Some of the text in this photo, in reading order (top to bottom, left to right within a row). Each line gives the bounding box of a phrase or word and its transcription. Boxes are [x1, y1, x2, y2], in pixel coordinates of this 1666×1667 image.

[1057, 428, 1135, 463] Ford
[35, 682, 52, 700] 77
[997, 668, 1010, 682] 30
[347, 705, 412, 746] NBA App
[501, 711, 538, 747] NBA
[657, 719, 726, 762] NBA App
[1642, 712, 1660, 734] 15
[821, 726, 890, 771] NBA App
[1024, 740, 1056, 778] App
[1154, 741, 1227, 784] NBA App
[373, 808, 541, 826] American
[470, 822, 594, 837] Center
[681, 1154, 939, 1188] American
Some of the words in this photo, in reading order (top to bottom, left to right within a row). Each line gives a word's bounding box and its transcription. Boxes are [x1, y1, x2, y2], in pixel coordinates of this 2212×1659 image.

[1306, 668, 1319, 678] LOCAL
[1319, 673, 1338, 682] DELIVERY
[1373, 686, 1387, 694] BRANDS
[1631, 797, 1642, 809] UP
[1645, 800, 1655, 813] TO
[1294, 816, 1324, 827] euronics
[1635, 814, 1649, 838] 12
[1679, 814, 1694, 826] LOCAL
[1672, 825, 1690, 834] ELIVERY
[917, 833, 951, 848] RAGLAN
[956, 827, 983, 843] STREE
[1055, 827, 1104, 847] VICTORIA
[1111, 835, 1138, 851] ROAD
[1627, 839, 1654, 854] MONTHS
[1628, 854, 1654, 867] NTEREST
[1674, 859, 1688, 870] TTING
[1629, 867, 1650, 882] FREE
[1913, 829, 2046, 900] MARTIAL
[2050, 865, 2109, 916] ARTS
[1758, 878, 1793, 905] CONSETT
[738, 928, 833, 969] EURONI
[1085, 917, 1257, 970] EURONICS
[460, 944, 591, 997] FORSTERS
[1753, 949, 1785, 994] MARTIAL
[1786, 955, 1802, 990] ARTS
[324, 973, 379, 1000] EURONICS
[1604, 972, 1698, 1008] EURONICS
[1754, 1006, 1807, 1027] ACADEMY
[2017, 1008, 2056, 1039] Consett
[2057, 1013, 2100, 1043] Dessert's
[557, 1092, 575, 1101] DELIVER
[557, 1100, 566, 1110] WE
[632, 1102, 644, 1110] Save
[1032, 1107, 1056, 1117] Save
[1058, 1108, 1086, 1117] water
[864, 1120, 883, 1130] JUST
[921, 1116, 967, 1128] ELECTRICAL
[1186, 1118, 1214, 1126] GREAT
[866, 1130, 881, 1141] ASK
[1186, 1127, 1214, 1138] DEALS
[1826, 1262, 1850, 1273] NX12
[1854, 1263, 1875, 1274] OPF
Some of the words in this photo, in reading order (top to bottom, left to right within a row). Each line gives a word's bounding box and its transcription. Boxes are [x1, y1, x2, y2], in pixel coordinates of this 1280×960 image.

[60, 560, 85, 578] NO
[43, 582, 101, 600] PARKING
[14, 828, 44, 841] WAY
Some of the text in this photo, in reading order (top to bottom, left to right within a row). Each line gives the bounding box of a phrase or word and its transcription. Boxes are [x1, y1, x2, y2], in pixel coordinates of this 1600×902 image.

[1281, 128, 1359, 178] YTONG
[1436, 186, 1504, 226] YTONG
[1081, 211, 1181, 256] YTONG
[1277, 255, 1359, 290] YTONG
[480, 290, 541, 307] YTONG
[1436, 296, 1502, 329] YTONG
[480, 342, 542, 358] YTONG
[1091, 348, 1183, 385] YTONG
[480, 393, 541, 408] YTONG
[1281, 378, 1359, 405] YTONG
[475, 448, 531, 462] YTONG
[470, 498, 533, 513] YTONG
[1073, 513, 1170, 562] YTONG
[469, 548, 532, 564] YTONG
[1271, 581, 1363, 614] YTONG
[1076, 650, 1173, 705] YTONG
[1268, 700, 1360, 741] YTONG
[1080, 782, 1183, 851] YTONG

Exercise brief: Retype all of the data shown above, word for word.

Answer box:
Some of the text in this photo, in reading order (top to bottom, left to right within a row). Each line gives the bounding box of a phrase or word and its transcription. Boxes are [x1, y1, x2, y2], in pixel coordinates of this 1666×1667 image.

[1057, 428, 1135, 463] Ford
[35, 682, 52, 700] 77
[997, 668, 1010, 682] 30
[347, 705, 412, 746] NBA App
[501, 711, 538, 747] NBA
[657, 719, 726, 762] NBA App
[1642, 712, 1660, 734] 15
[821, 726, 890, 771] NBA App
[1024, 740, 1056, 778] App
[1154, 741, 1227, 784] NBA App
[373, 808, 541, 826] American
[470, 822, 594, 837] Center
[681, 1154, 939, 1188] American
Some of the words in this photo, in reading order (top to bottom, left to right within a row). Each line gives a word's bounding box and its transcription. Boxes are [x1, y1, x2, y2], in pixel coordinates of this 2212×1659 image.

[1306, 668, 1319, 678] LOCAL
[1319, 673, 1338, 682] DELIVERY
[1373, 686, 1387, 694] BRANDS
[1631, 797, 1642, 809] UP
[1645, 800, 1655, 813] TO
[1294, 816, 1324, 827] euronics
[1635, 814, 1649, 838] 12
[1679, 814, 1694, 826] LOCAL
[1672, 825, 1690, 834] ELIVERY
[917, 833, 951, 848] RAGLAN
[956, 827, 983, 843] STREE
[1055, 827, 1104, 847] VICTORIA
[1111, 835, 1138, 851] ROAD
[1627, 839, 1654, 854] MONTHS
[1628, 854, 1654, 867] NTEREST
[1674, 859, 1688, 870] TTING
[1629, 867, 1650, 882] FREE
[1913, 829, 2046, 900] MARTIAL
[2050, 865, 2109, 916] ARTS
[1758, 878, 1793, 905] CONSETT
[738, 928, 833, 969] EURONI
[1085, 917, 1257, 970] EURONICS
[460, 944, 591, 997] FORSTERS
[1753, 949, 1785, 994] MARTIAL
[1786, 955, 1802, 990] ARTS
[324, 973, 379, 1000] EURONICS
[1604, 972, 1698, 1008] EURONICS
[1754, 1006, 1807, 1027] ACADEMY
[2017, 1008, 2056, 1039] Consett
[2057, 1013, 2100, 1043] Dessert's
[557, 1092, 575, 1101] DELIVER
[557, 1100, 566, 1110] WE
[632, 1102, 644, 1110] Save
[1032, 1107, 1056, 1117] Save
[1058, 1108, 1086, 1117] water
[864, 1120, 883, 1130] JUST
[921, 1116, 967, 1128] ELECTRICAL
[1186, 1118, 1214, 1126] GREAT
[866, 1130, 881, 1141] ASK
[1186, 1127, 1214, 1138] DEALS
[1826, 1262, 1850, 1273] NX12
[1854, 1263, 1875, 1274] OPF
Some of the words in this photo, in reading order (top to bottom, left to right within a row). Each line gives a word's bounding box and its transcription. Boxes are [x1, y1, x2, y2], in pixel coordinates of this 1280×960 image.

[60, 560, 85, 578] NO
[43, 582, 101, 600] PARKING
[14, 828, 44, 841] WAY
Some of the text in this photo, in reading order (top to bottom, left to right within a row). Each line gives the bounding box of a phrase or word and its transcription. Boxes are [x1, y1, x2, y2], in pixel coordinates of this 1600×902 image.

[1281, 128, 1359, 178] YTONG
[1436, 186, 1504, 226] YTONG
[1081, 211, 1181, 256] YTONG
[1277, 255, 1359, 290] YTONG
[480, 290, 541, 307] YTONG
[1436, 296, 1502, 329] YTONG
[480, 342, 542, 358] YTONG
[1091, 348, 1183, 385] YTONG
[480, 393, 541, 408] YTONG
[1281, 378, 1359, 405] YTONG
[475, 448, 531, 462] YTONG
[470, 498, 533, 513] YTONG
[1073, 513, 1170, 562] YTONG
[469, 548, 532, 564] YTONG
[1271, 581, 1363, 614] YTONG
[1076, 650, 1173, 705] YTONG
[1268, 700, 1360, 741] YTONG
[1080, 782, 1183, 851] YTONG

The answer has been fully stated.